### Your instructions
Give the line with "this 1920×1080 image." again, along with every line below it to the end of the records, word for word.

[[ Given entries open ]]

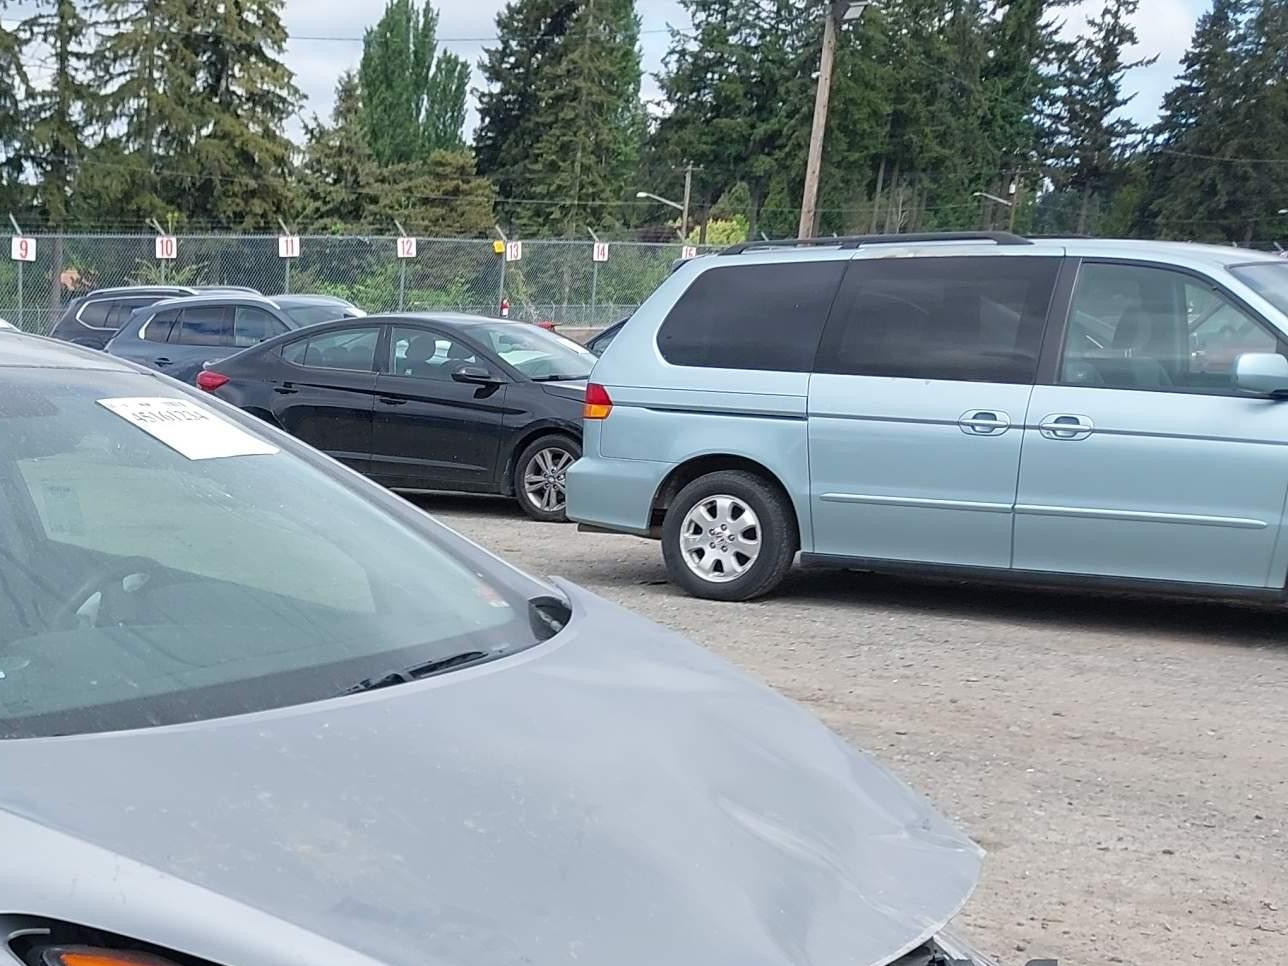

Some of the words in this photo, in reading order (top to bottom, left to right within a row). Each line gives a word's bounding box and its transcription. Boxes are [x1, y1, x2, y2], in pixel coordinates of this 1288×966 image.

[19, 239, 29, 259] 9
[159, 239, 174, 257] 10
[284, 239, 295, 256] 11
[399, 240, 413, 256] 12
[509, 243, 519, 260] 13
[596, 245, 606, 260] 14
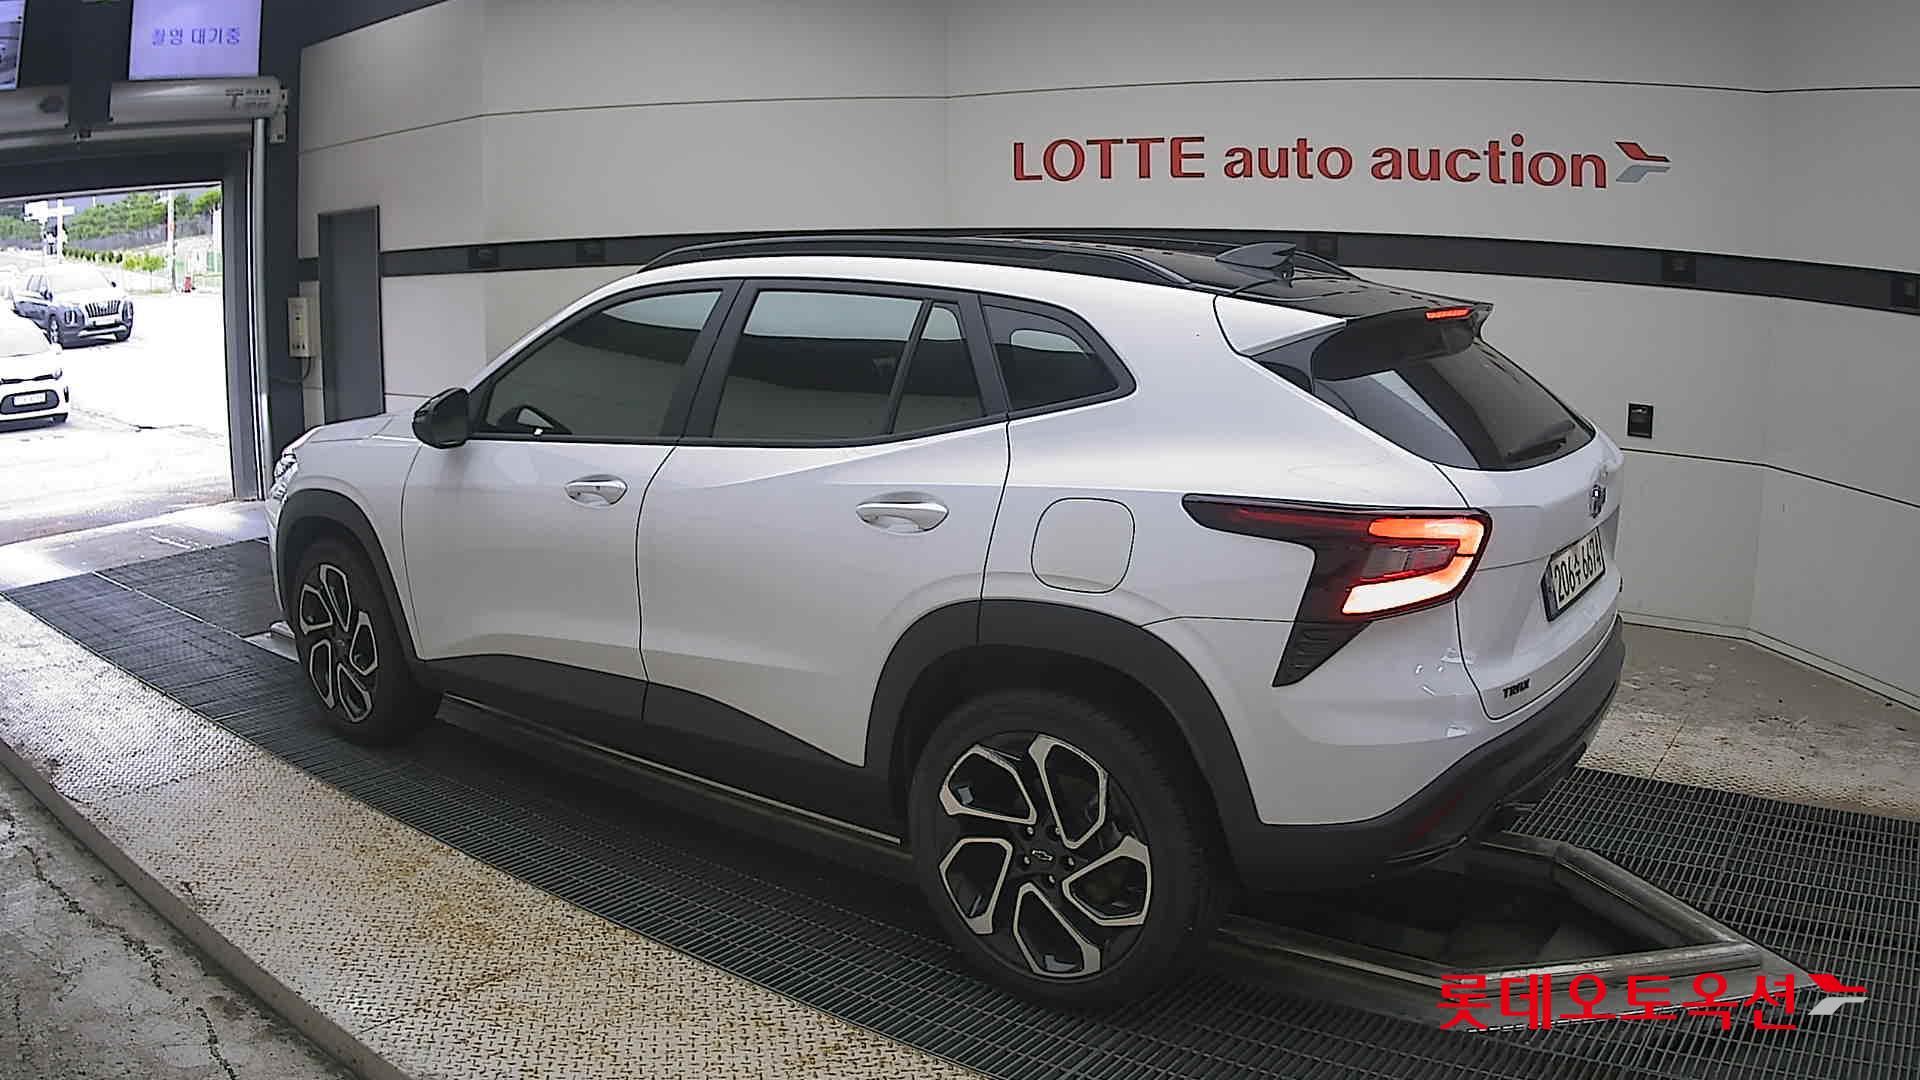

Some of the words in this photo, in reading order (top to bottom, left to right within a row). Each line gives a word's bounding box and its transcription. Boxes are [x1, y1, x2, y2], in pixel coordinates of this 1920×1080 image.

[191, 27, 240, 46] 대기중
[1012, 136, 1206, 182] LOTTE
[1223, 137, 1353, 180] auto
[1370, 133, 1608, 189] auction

[[ Given entries closed ]]

### Exercise answer
Some of the words in this photo, in reading order (top to bottom, left to right within a row). Each line gives a word's bounding box and its transcription. Boxes are [x1, y1, x2, y2], in pixel coordinates of this 1920×1080 image.

[191, 27, 240, 46] 대기중
[1012, 136, 1206, 182] LOTTE
[1223, 137, 1353, 180] auto
[1370, 133, 1608, 189] auction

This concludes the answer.